C’était la dernière, la dernière émission politique pour faire changer d’avis les indécis. Chaque candidat avait donc 15 minutes pour briller, pour convaincre une dernière fois avec leur programme — et pas « leurs punchlines » avait confié Michael Field (directeur de l’information à France TV) à Sonia Devillers. Fin de la « politique spectacle » à quelques jours du premier tour.
J’attendais avec impatiente l’émission et… Je me suis ennuyée. Tout en disant « pas de politique spectacle », on demande aux candidats d’apporter un objet qu’ils emmèneront sur leur bureau à l’Élysée. Je n’ai pas saisi l’intérêt. En revanche, cela a donné l’occasion à Fillon de montrer qu’il était un rebelle en étant le seul à être venu les mains vides (alors qu’il lui avait été demandé de rendre l’argent et les costumes). Macron a laissé « sa grammaire » en loge, pour témoigner à la place son soutien à la famille du policier abattu aux Champs Élysées dans la soirée.
Les objets sont l’occasion de rappeler le populisme de Marine Le Pen et Nicolas Dupont-Aignan, qui mettent en scène avec pathos des cadeaux offerts par un artisan et un jeune garçon handicapé. Cheminade rappelle son excentricité et sa passion pour la préhistoire avec ses silex. Poutou paraît plutôt sincère. Mais honnêtement, cela ne donne pas grand chose à voir.
Les onze candidats se relaient, interrogés par David Pujadas et Léa Salamé. Les interviews sont plates et il y a peu de place pour la spontanéité, puisque 2 précisions de programmes, 2 questions internationales et une carte blanche doivent être abordées par chacun(e).
Les photos-malaise
Puis, pour finir, on présente une vieille photo du candidat avec cette question : « vous vous attendiez à en être là aujourd’hui?« . Même les candidat(e)s sont mal à l’aise devant ces vieilles photos. Encore une fois, à part apprendre que Macron voulait écrire ou faire du théâtre et que Fillon voulait être journaliste, et donc rire un peu : information zéro.
Puis il y a cette belle question pour conclure : « Qu’est-ce que vous regrettez de cette campagne ?« . Ceux qui ont le plus de choses à se reprocher ne regrettent rien, a.k.a. Marine Le Pen et François Fillon. Macron tente une excuse sur la guerre d’Algérie, « pour avoir blessé certaines personnes« . Hamon et Poutou regrettent que l’émission ne soit pas un débat. Bref, ce n’est pas le moment de faire de vagues de toute façon.
Ces moments où je me suis réveillée
L’actualité a forcé les candidats à modifier quelque peu leur discours.

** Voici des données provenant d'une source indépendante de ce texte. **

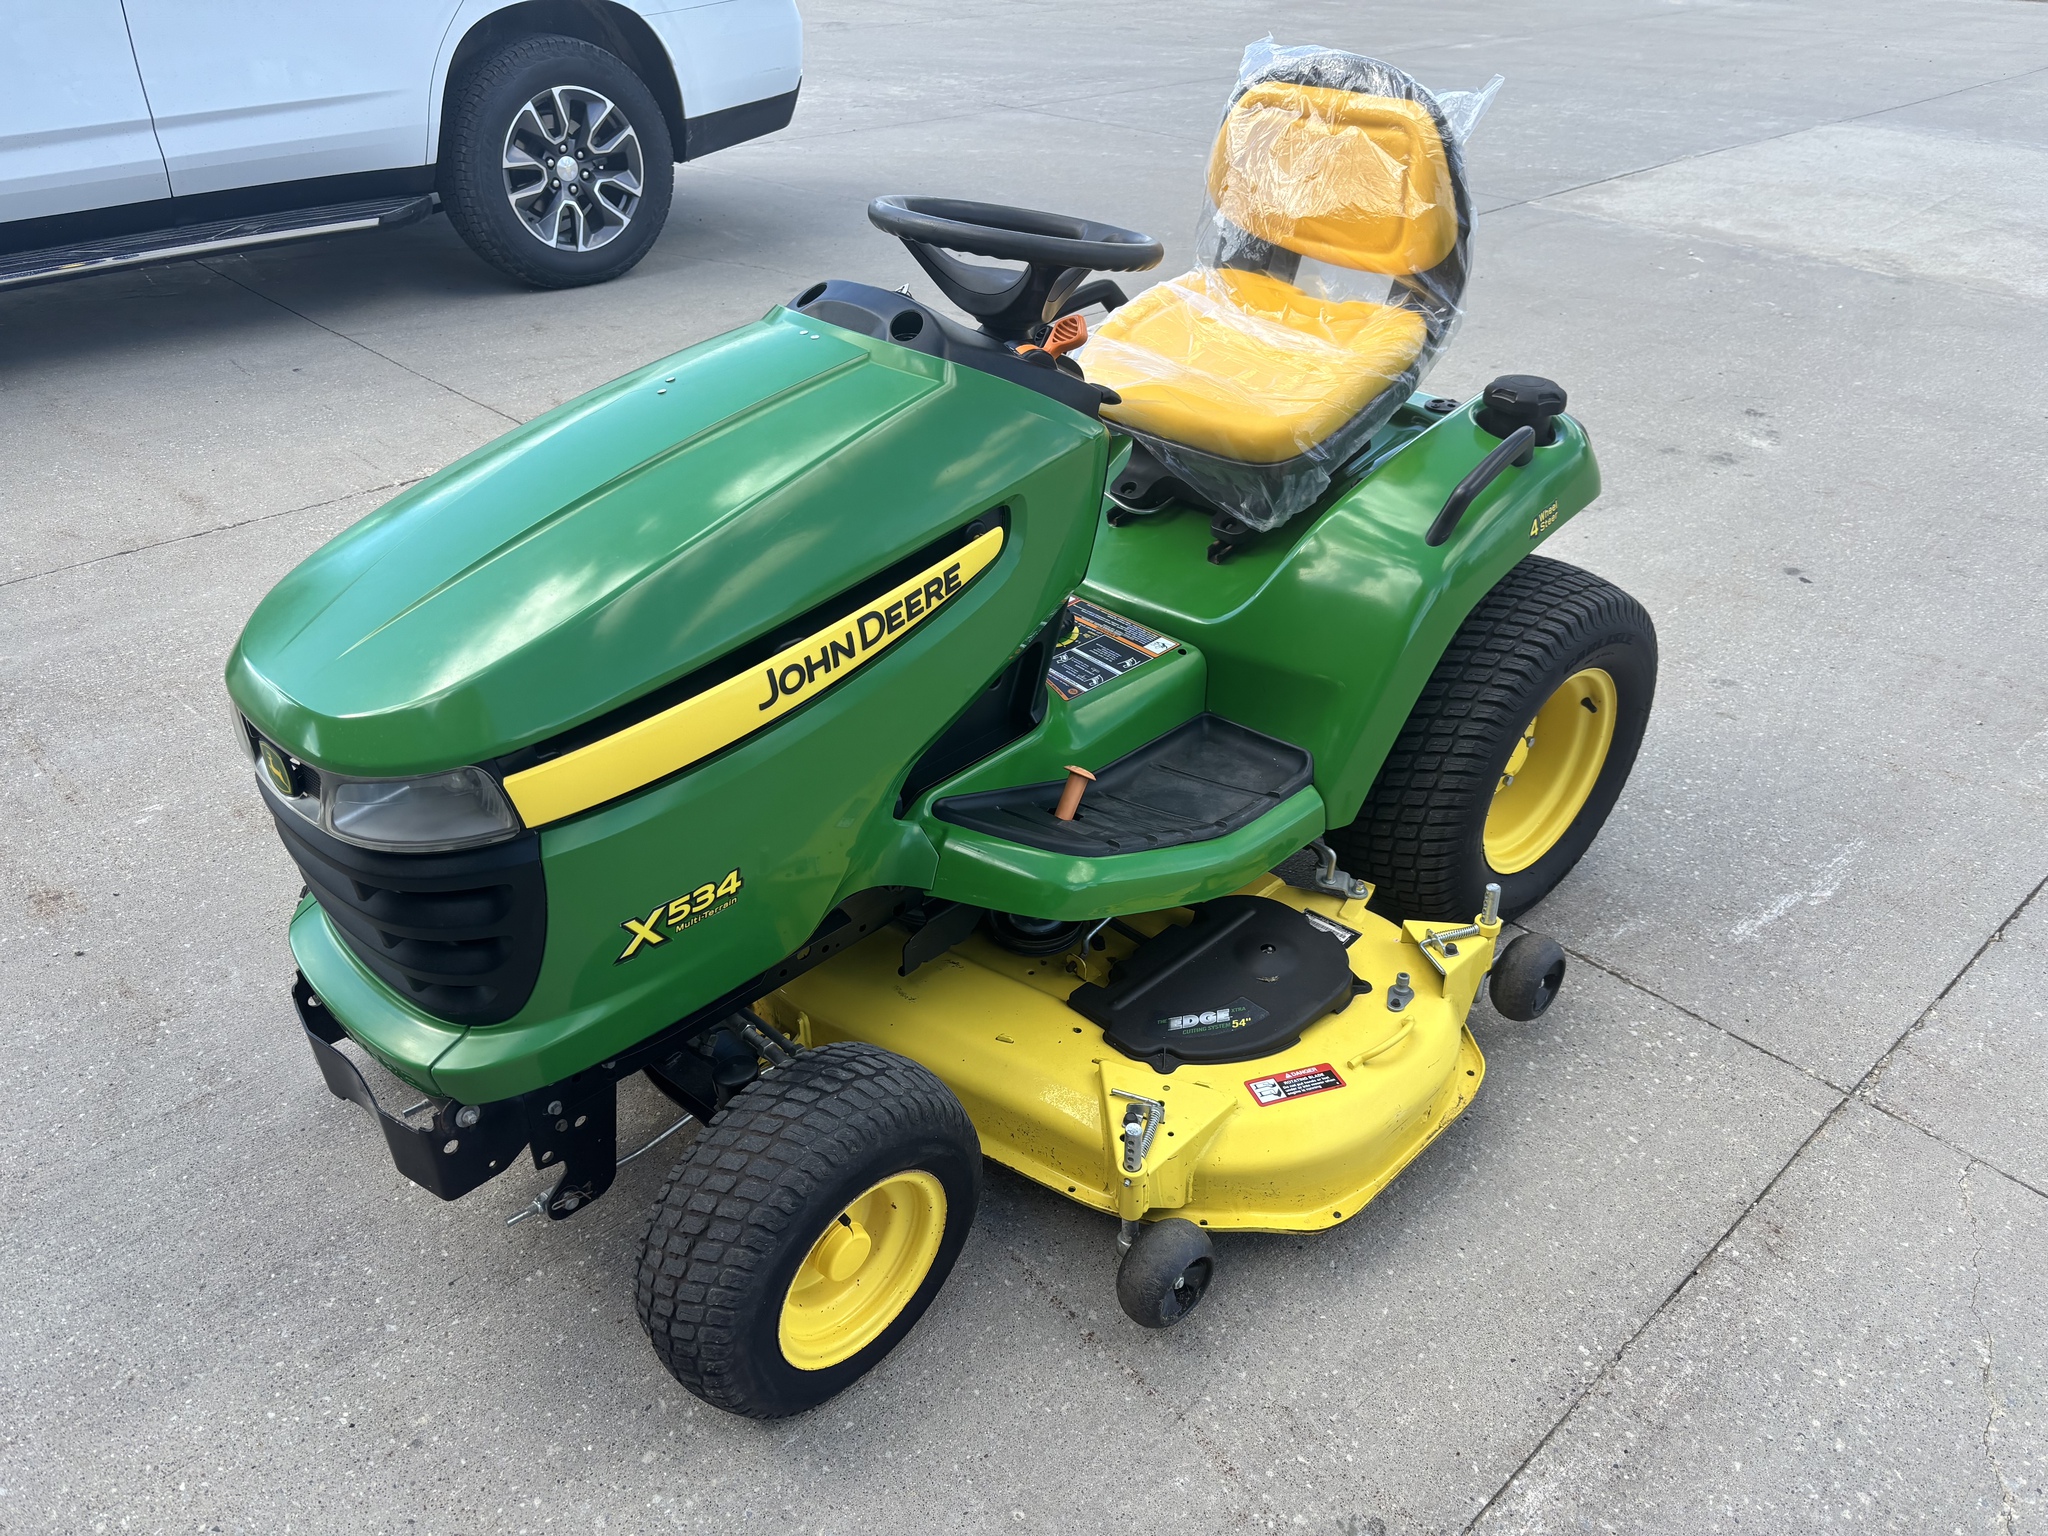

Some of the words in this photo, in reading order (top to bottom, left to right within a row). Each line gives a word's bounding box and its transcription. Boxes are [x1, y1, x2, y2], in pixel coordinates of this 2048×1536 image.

Outre cela, il y a bien eu quelques moments moins platoniques.
- Ce moment où Mélenchon explique qu’il n’a pas l’intention de quitter l’Europe, répondant une fois de plus à cette interrogation.
- Ce moment où Marine Le Pen a utilisé l’attaque contre les policiers pour affirmer une fois de plus sa xénophobie.
- Ce moment où on a parlé d’acheter une baguette en Euro-franc, la « monnaie-flexible » de Nicolas Dupont-Aignan.
- Ce moment lecture, où Nicolas Dupont-Aignan relate un échange de textos avec un patron de presse le menaçant pour qu’il rejoigne François Fillon (Serge Dassault ?).
- Ce moment sexiste de François Fillon : Léa Salamé lui pose une question à propos de son programme de sécurité sociale, et… « Je comprends que vous me posiez la question parce que vous avez été absente, et je vous en félicite ; mais j’ai déjà répondu 20 fois« . Une petite référence à sa grossesse qui selon lui l’aurait empêchée de suivre l’actualité.
L’ennui est sûrement venu du fait que rien de nouveau n’a été apporté, à trois jours du premier tour, et c’est tout à fait normal. À force de vouloir nous offrir un spectacle sans contrarier qui que ce soit, on ne nous offre plus rien du tout.